Point of clarification: I’m a relatively new recruit to Doctor Who fandom. My husband’s giggling like a child over every Dalek appearance has generally fallen on deaf ears (I wish!) for years. I have been in the room for more episodes than I can claim to have watched, ever finding a comic book to read, web to surf or cookbook to page through while some madman slides across the TV screen with a vibrating piece of hardware that I barely know how to use in non-vibrating form. But all that disinterest evaporated the moment River Song walked into the library and bid hello to her sweetie for the first (and last) time.
I can’t say precisely what it was that made me toss Bridge for Dummies aside and take notice those first moments, but I have a pretty good idea. Here was a confident, beautiful woman who clearly knew more about the Doctor than the Doctor knew about her. That alone placed her far above in my mind any traditional companion, each of whom is clearly present firstly for the purpose of exposition and viewer projection. And then it was revealed: River Song is no run-of-the-mill companion. She knew the Doctor’s name. THE DOCTOR’S NAME. You don’t come across that information by chance.
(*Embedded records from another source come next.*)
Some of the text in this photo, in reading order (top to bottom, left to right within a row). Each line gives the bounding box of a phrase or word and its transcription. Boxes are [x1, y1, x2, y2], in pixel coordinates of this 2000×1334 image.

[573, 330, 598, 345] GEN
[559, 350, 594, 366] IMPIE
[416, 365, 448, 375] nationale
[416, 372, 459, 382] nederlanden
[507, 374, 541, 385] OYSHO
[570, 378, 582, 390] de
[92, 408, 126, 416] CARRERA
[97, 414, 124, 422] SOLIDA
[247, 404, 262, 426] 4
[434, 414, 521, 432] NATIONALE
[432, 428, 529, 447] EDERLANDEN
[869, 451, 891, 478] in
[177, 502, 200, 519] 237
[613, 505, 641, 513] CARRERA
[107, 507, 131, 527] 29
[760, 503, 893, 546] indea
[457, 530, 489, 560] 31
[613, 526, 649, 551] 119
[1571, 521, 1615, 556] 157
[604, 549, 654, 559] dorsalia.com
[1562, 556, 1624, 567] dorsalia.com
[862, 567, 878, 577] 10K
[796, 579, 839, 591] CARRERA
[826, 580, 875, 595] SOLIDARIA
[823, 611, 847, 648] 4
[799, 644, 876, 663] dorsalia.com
No, this lady was important. She’d been through many adventures with the Doctor (most of which we’ve presumably already seen now — drat) and beamed happily that they were all ahead of him at this point in his timeline. And then she died. Good Lord. I was hooked.
Two people living their lives in reverse, never traveling through time in the same order, is so beautifully romantic it should be a movie (or at least an acclaimed novel). So, yes, we’ve seen this trope before in both iterations of The Time Traveler’s Wife, but never with so much agency for that titled character. Dr. Song (as in life, I must acknowledge the title, for it is not easily acquired) doesn’t just sit around waiting for the next time her bow-tied beau will show up to whisk her away. Sure, she may need a quick rescue from time-to-time, but carving coordinates into the side of an ancient mountain with her trademark salutation “Hello, Sweetie!” isn’t exactly fainting at a villain’s moustache twirl. She’s ballsy enough to shoot herself out an airlock with no oxygen and trusts that the Doctor will have gotten her directions. The greater trust, I’d argue, isn’t in the Doctor, though. It’s in her own ingenuity and ability to know exactly what levers to pull in the Doctor’s personality and history to get the maximum desired results.
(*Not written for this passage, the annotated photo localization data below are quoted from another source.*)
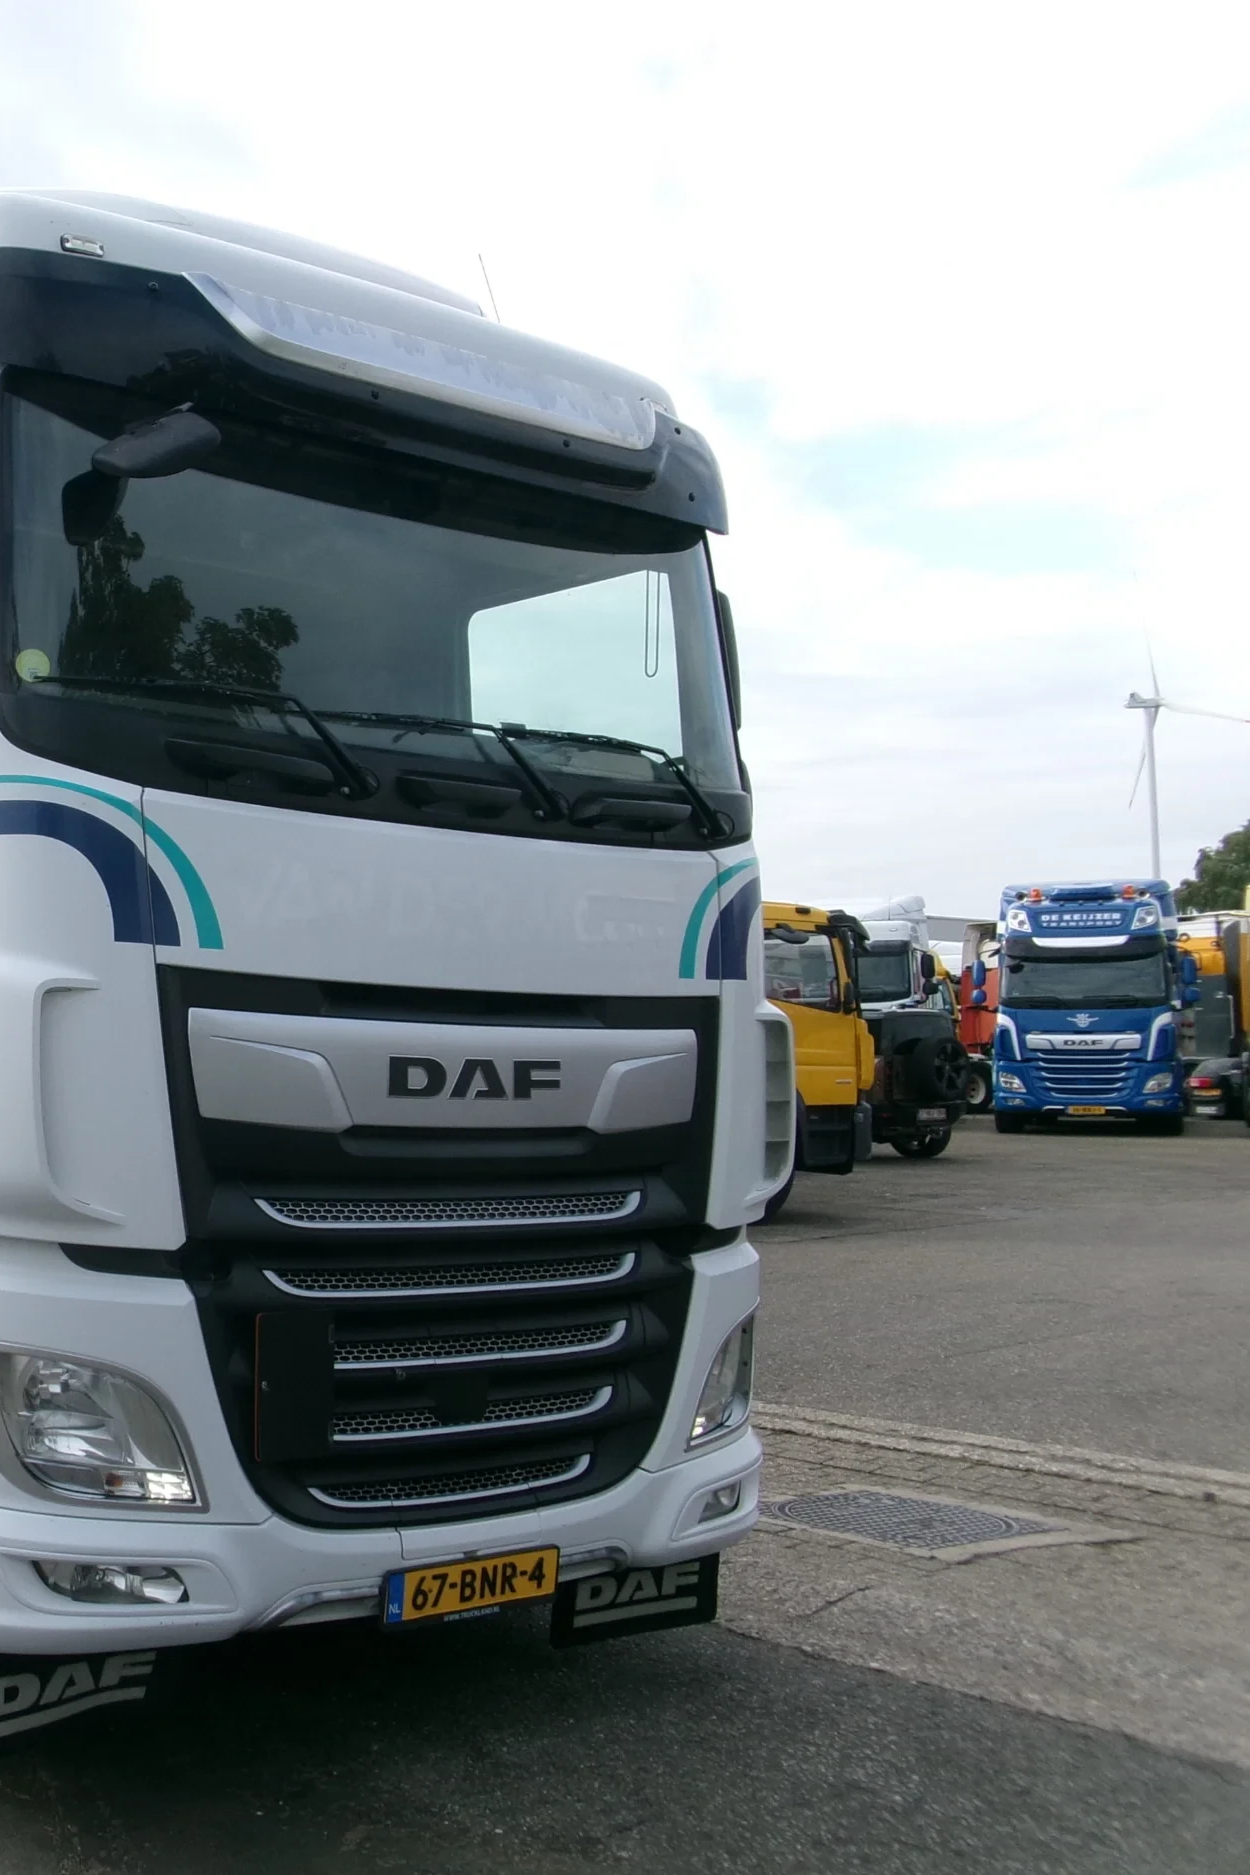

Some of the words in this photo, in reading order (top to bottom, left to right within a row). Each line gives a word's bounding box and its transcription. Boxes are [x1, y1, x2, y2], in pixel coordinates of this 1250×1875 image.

[1063, 1039, 1104, 1047] DAF
[387, 1054, 562, 1101] DAF
[411, 1556, 546, 1611] 67-BNR-4
[575, 1561, 701, 1612] DAF
[388, 1602, 402, 1615] NL
And that’s nothing compared to the gun-slinging. This scene from the Sixth Series’ “Day of the Moon” encapsulates everything about why Dr. Song is close to my heart. She flirts from a position of intellectual strength (and gets the often timid Doctor to flirt along with equal glee) and she polishes off a room of enemies like a 50-year veteran of Laser Tag University.
So, yeah, River Song is brilliant, but why is she a better Doctor than the Doctor?
- She’s redeemed. My understanding of the Doctor is that he’s always been a do-gooder. Traveling through time, righting wrongs, helping civilizations evolve — that’s the Doctor’s schtick. Dr. Song’s past is not that cut-and-dried. I’d rather not get into the minutia of River’s origins in case you, dear reader, are one of the lucky few to not yet have enjoyed them firsthand, but let’s just say they’re murky. She’s in prison for murdering “The best man I’ve ever known” (now who could that be?) but she clearly cares about saving lives and defending the innocent. She’s compassionate and good with all kinds of reasons to not have become either one.
- She’s smarter. Dr. Song almost immediately exhibits more ingenuity in how to do the things the Doctor does, from uses for the sonic screwdriver to how to appropriately pilot the TARDIS. Yes, one could say she has the advantage of hindsight from her point in the Doctor’s history, but let’s be honest about that. The Doctor has lived, at any given point of the current narrative, around one thousand years. You’d think he’d know to take the brakes off when landing by now. That noise doesn’t sound good to me, and I can barely pump my own gasoline.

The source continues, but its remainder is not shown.